**About this exercise**
Repeat the listing below in full, keeping each word as given.

BEGIN Records to process

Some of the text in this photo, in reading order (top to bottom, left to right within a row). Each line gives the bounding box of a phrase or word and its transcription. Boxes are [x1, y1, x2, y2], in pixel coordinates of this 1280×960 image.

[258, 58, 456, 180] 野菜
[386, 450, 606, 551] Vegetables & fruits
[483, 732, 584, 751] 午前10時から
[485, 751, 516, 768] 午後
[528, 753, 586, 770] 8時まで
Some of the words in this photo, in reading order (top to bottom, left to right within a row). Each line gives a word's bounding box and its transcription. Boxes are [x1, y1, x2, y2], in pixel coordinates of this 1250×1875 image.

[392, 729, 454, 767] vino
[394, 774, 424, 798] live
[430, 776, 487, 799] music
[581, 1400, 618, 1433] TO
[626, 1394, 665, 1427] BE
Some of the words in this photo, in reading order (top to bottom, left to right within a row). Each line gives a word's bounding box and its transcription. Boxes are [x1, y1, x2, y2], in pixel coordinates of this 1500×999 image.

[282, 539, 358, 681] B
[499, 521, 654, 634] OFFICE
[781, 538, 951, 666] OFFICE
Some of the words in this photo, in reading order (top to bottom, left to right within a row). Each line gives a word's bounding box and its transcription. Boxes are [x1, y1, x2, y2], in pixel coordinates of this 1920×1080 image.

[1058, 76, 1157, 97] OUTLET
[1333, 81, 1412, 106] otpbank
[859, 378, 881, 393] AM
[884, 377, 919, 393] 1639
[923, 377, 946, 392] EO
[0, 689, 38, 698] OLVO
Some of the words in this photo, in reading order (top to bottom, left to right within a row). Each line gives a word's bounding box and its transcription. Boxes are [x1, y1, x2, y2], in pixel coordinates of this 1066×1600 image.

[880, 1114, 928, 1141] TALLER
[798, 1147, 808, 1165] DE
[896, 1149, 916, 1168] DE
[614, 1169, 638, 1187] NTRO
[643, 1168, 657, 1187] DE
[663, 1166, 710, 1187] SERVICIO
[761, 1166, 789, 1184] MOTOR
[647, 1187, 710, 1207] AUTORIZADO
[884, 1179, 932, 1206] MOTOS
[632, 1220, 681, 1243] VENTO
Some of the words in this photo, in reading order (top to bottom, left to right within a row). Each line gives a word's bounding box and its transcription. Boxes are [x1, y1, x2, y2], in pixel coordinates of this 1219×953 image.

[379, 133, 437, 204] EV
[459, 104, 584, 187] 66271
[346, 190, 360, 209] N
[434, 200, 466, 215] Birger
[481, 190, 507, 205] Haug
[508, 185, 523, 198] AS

END Records to process

**Written solution**
Some of the text in this photo, in reading order (top to bottom, left to right within a row). Each line gives the bounding box of a phrase or word and its transcription. Boxes are [x1, y1, x2, y2], in pixel coordinates of this 1280×960 image.

[258, 58, 456, 180] 野菜
[386, 450, 606, 551] Vegetables & fruits
[483, 732, 584, 751] 午前10時から
[485, 751, 516, 768] 午後
[528, 753, 586, 770] 8時まで
Some of the words in this photo, in reading order (top to bottom, left to right within a row). Each line gives a word's bounding box and its transcription. Boxes are [x1, y1, x2, y2], in pixel coordinates of this 1250×1875 image.

[392, 729, 454, 767] vino
[394, 774, 424, 798] live
[430, 776, 487, 799] music
[581, 1400, 618, 1433] TO
[626, 1394, 665, 1427] BE
Some of the words in this photo, in reading order (top to bottom, left to right within a row). Each line gives a word's bounding box and its transcription. Boxes are [x1, y1, x2, y2], in pixel coordinates of this 1500×999 image.

[282, 539, 358, 681] B
[499, 521, 654, 634] OFFICE
[781, 538, 951, 666] OFFICE
Some of the words in this photo, in reading order (top to bottom, left to right within a row). Each line gives a word's bounding box and its transcription. Boxes are [x1, y1, x2, y2], in pixel coordinates of this 1920×1080 image.

[1058, 76, 1157, 97] OUTLET
[1333, 81, 1412, 106] otpbank
[859, 378, 881, 393] AM
[884, 377, 919, 393] 1639
[923, 377, 946, 392] EO
[0, 689, 38, 698] OLVO
Some of the words in this photo, in reading order (top to bottom, left to right within a row). Each line gives a word's bounding box and its transcription. Boxes are [x1, y1, x2, y2], in pixel coordinates of this 1066×1600 image.

[880, 1114, 928, 1141] TALLER
[798, 1147, 808, 1165] DE
[896, 1149, 916, 1168] DE
[614, 1169, 638, 1187] NTRO
[643, 1168, 657, 1187] DE
[663, 1166, 710, 1187] SERVICIO
[761, 1166, 789, 1184] MOTOR
[647, 1187, 710, 1207] AUTORIZADO
[884, 1179, 932, 1206] MOTOS
[632, 1220, 681, 1243] VENTO
Some of the words in this photo, in reading order (top to bottom, left to right within a row). Each line gives a word's bounding box and its transcription. Boxes are [x1, y1, x2, y2], in pixel coordinates of this 1219×953 image.

[379, 133, 437, 204] EV
[459, 104, 584, 187] 66271
[346, 190, 360, 209] N
[434, 200, 466, 215] Birger
[481, 190, 507, 205] Haug
[508, 185, 523, 198] AS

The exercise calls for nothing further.